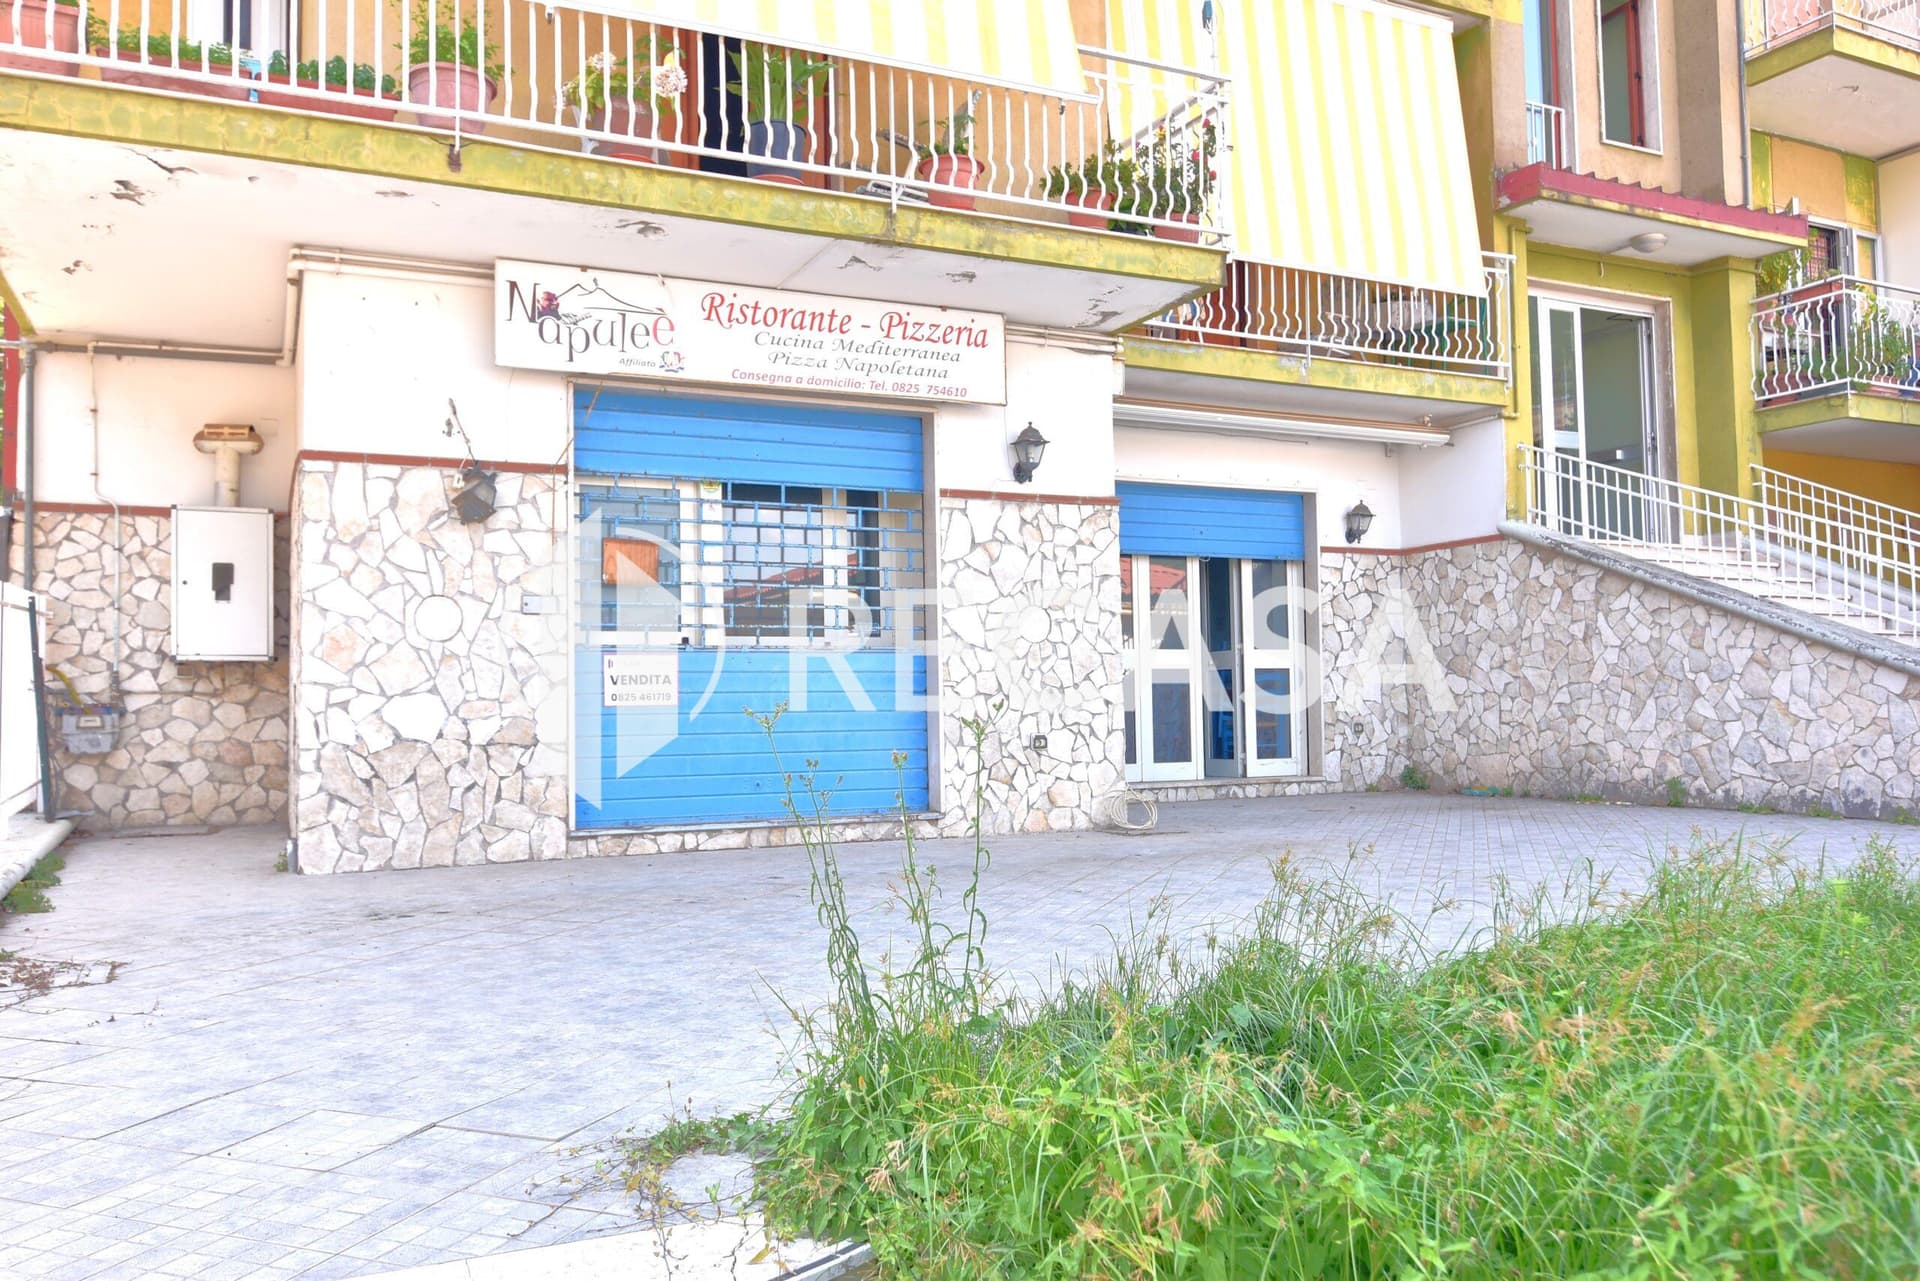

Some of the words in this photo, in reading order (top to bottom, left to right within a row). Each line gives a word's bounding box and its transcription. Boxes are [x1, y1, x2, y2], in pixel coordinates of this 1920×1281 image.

[701, 292, 852, 335] Ristorante
[879, 311, 989, 349] Pizzeria
[754, 331, 825, 350] Cucina
[832, 337, 961, 363] Mediterranea
[618, 356, 657, 369] Affiliato
[768, 351, 828, 369] Pizza
[834, 357, 949, 379] Napoletana
[731, 368, 793, 385] Consegna
[796, 375, 804, 385] a
[806, 375, 866, 390] domicilio:
[869, 379, 889, 392] Tel.
[891, 381, 920, 394] 0825
[926, 384, 968, 398] 754610
[610, 675, 672, 686] VENDITA
[611, 693, 637, 702] 0825
[639, 693, 672, 702] 461719
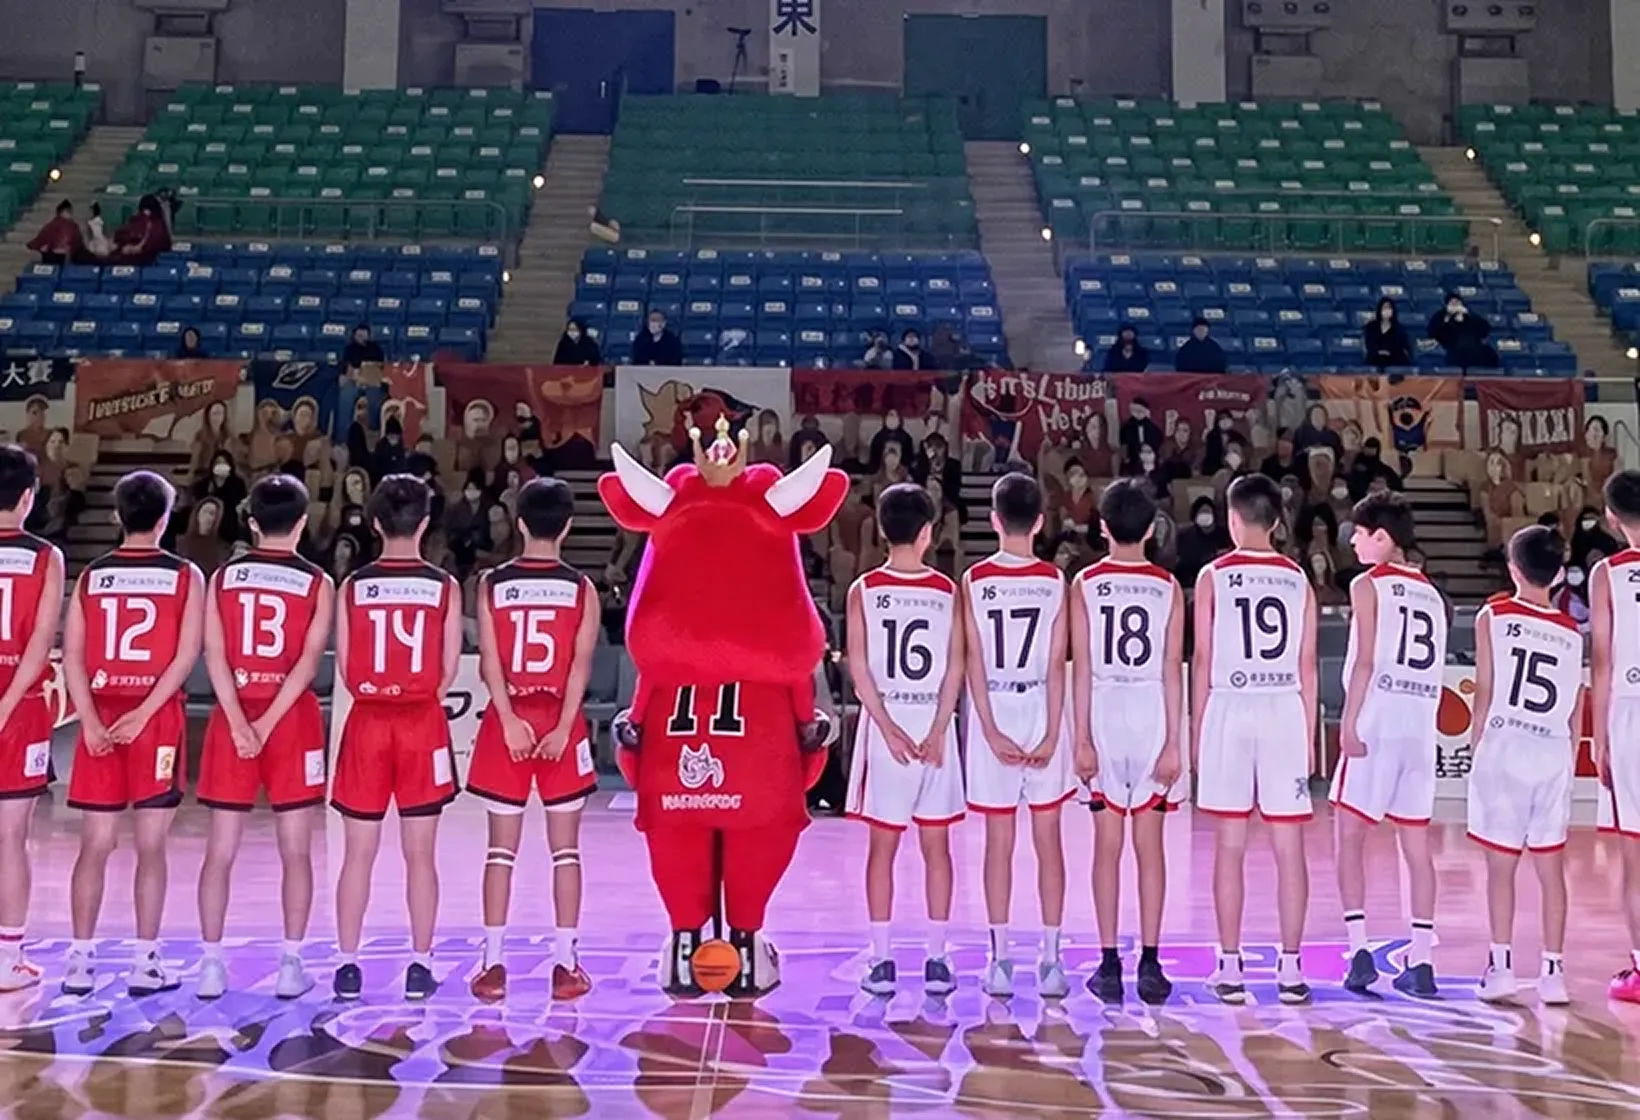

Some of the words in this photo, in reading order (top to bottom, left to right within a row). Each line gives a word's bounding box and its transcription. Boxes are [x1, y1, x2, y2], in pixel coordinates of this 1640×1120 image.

[100, 597, 157, 661] 12
[239, 592, 287, 658] 13
[369, 609, 426, 674] 14
[509, 610, 557, 673] 15
[882, 618, 933, 681] 16
[987, 607, 1041, 669] 17
[1100, 605, 1152, 667] 18
[1235, 596, 1289, 660] 19
[1396, 606, 1436, 670] 13
[666, 681, 746, 737] 11
[1508, 647, 1559, 714] 15
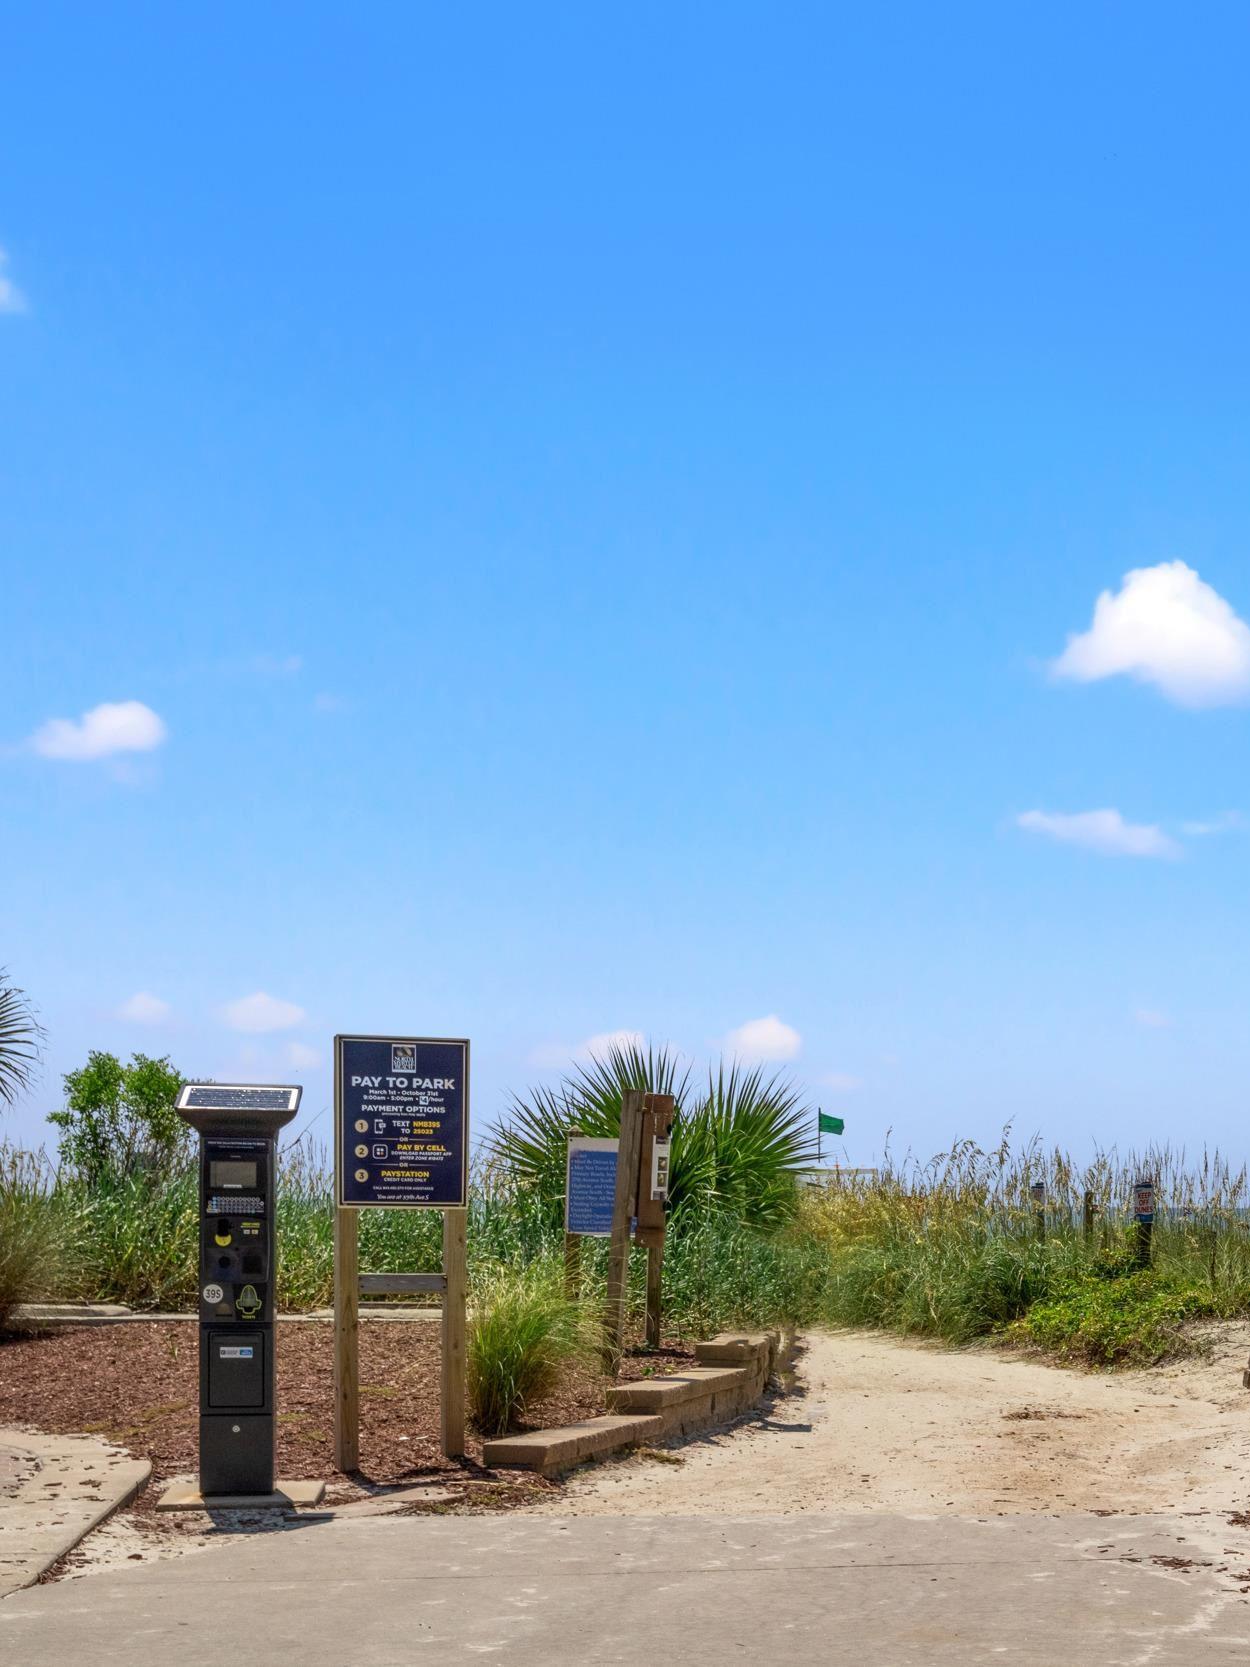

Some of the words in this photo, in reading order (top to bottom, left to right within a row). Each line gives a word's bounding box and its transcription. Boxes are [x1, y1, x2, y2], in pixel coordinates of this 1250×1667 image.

[352, 1076, 382, 1087] PAY
[386, 1078, 408, 1088] TO
[413, 1079, 455, 1090] PARK
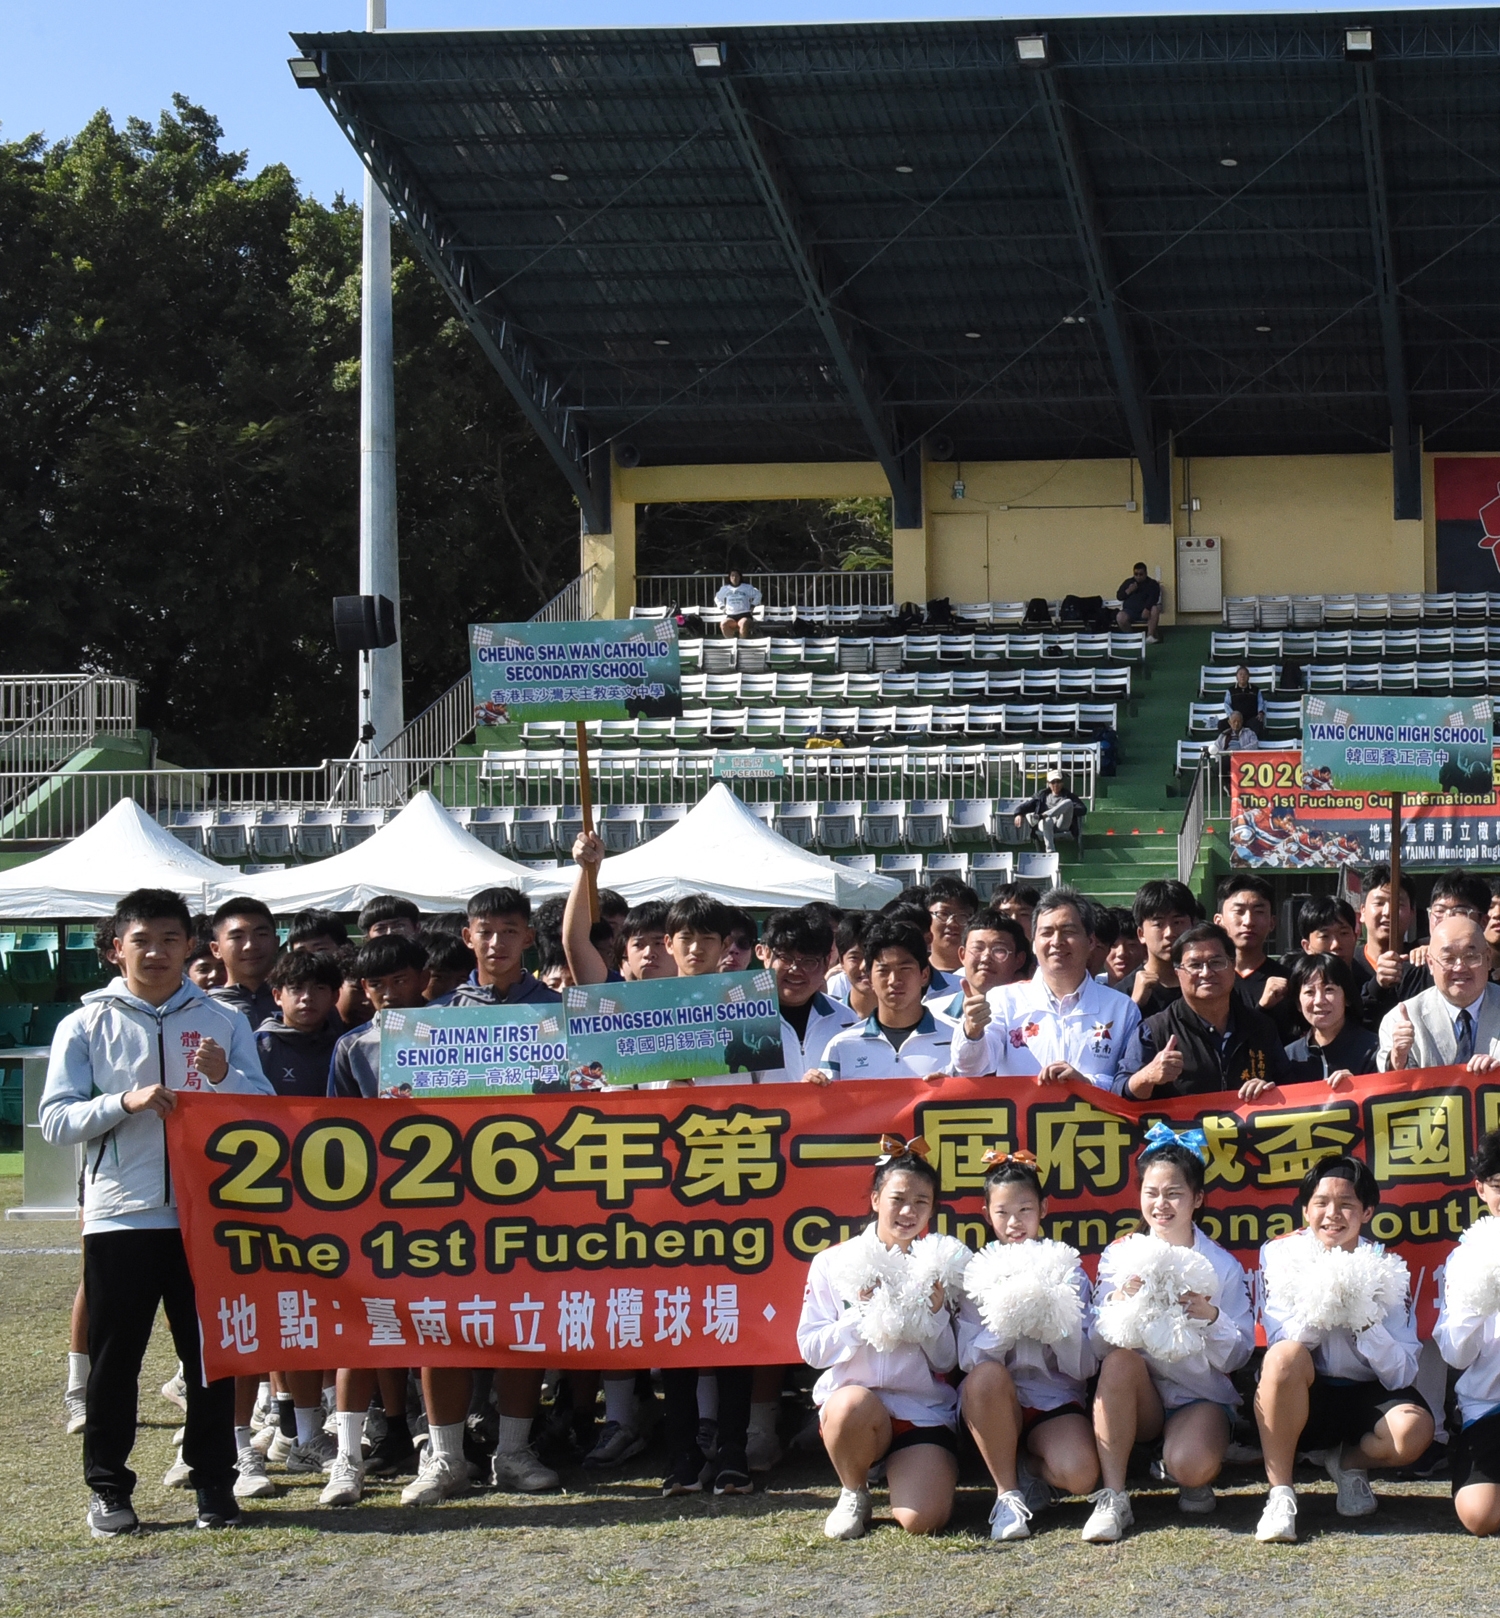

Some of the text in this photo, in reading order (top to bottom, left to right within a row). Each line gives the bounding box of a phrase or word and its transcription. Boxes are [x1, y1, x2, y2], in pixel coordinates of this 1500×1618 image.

[478, 641, 668, 662] CHEUNG SHA WAN CATHOLIC
[505, 662, 648, 682] SECONDARY SCHOOL
[492, 683, 665, 704] 香港長沙灣天主教英文中學
[1309, 724, 1487, 744] YANG CHUNG HIGH SCHOOL
[1346, 748, 1449, 766] 韓國養正高中
[721, 769, 776, 778] VIP SEATING
[1240, 794, 1270, 808] The
[1273, 794, 1296, 808] 1st
[1299, 794, 1363, 810] Fucheng
[1367, 793, 1393, 810] Cup
[1402, 791, 1495, 806] International
[1369, 846, 1392, 861] Venu
[1405, 846, 1436, 860] TAINAN
[1438, 844, 1479, 861] Municipal
[569, 999, 777, 1036] MYEONGSEOK HIGH SCHOOL
[429, 1024, 539, 1046] TAINAN FIRST
[617, 1027, 734, 1056] 韓國明錫高中
[397, 1046, 459, 1067] SENIOR
[462, 1045, 504, 1065] HIGH
[413, 1065, 559, 1089] 臺南第一高級中學
[223, 1229, 341, 1272] The
[370, 1228, 467, 1270] 1st
[494, 1221, 766, 1266] Fucheng
[1370, 1195, 1491, 1241] outh

» What the exercise asks:
Repeat verbatim the range of lines that opens at the line containing "this 1640×1120 image." and closes at the last line of the entries, excluding all pictures.

» Answer to this problem:
Some of the words in this photo, in reading order (top to bottom, left to right within a row). Each line gives a word's bounding box and its transcription. Boxes are [x1, y1, x2, y2], in pixel coordinates of this 1640×1120 image.

[100, 597, 157, 661] 12
[239, 592, 287, 658] 13
[369, 609, 426, 674] 14
[509, 610, 557, 673] 15
[882, 618, 933, 681] 16
[987, 607, 1041, 669] 17
[1100, 605, 1152, 667] 18
[1235, 596, 1289, 660] 19
[1396, 606, 1436, 670] 13
[666, 681, 746, 737] 11
[1508, 647, 1559, 714] 15

Some of the words in this photo, in reading order (top to bottom, left to right within a row). Each line gives a word's bounding box and its transcription. Boxes are [x1, y1, x2, y2], in pixel coordinates of this 1250×1667 image.

[352, 1076, 382, 1087] PAY
[386, 1078, 408, 1088] TO
[413, 1079, 455, 1090] PARK

Some of the text in this photo, in reading order (top to bottom, left to right within a row). Each line gives the bounding box of a phrase or word and its transcription. Boxes are [x1, y1, x2, y2], in pixel coordinates of this 1500×1618 image.

[478, 641, 668, 662] CHEUNG SHA WAN CATHOLIC
[505, 662, 648, 682] SECONDARY SCHOOL
[492, 683, 665, 704] 香港長沙灣天主教英文中學
[1309, 724, 1487, 744] YANG CHUNG HIGH SCHOOL
[1346, 748, 1449, 766] 韓國養正高中
[721, 769, 776, 778] VIP SEATING
[1240, 794, 1270, 808] The
[1273, 794, 1296, 808] 1st
[1299, 794, 1363, 810] Fucheng
[1367, 793, 1393, 810] Cup
[1402, 791, 1495, 806] International
[1369, 846, 1392, 861] Venu
[1405, 846, 1436, 860] TAINAN
[1438, 844, 1479, 861] Municipal
[569, 999, 777, 1036] MYEONGSEOK HIGH SCHOOL
[429, 1024, 539, 1046] TAINAN FIRST
[617, 1027, 734, 1056] 韓國明錫高中
[397, 1046, 459, 1067] SENIOR
[462, 1045, 504, 1065] HIGH
[413, 1065, 559, 1089] 臺南第一高級中學
[223, 1229, 341, 1272] The
[370, 1228, 467, 1270] 1st
[494, 1221, 766, 1266] Fucheng
[1370, 1195, 1491, 1241] outh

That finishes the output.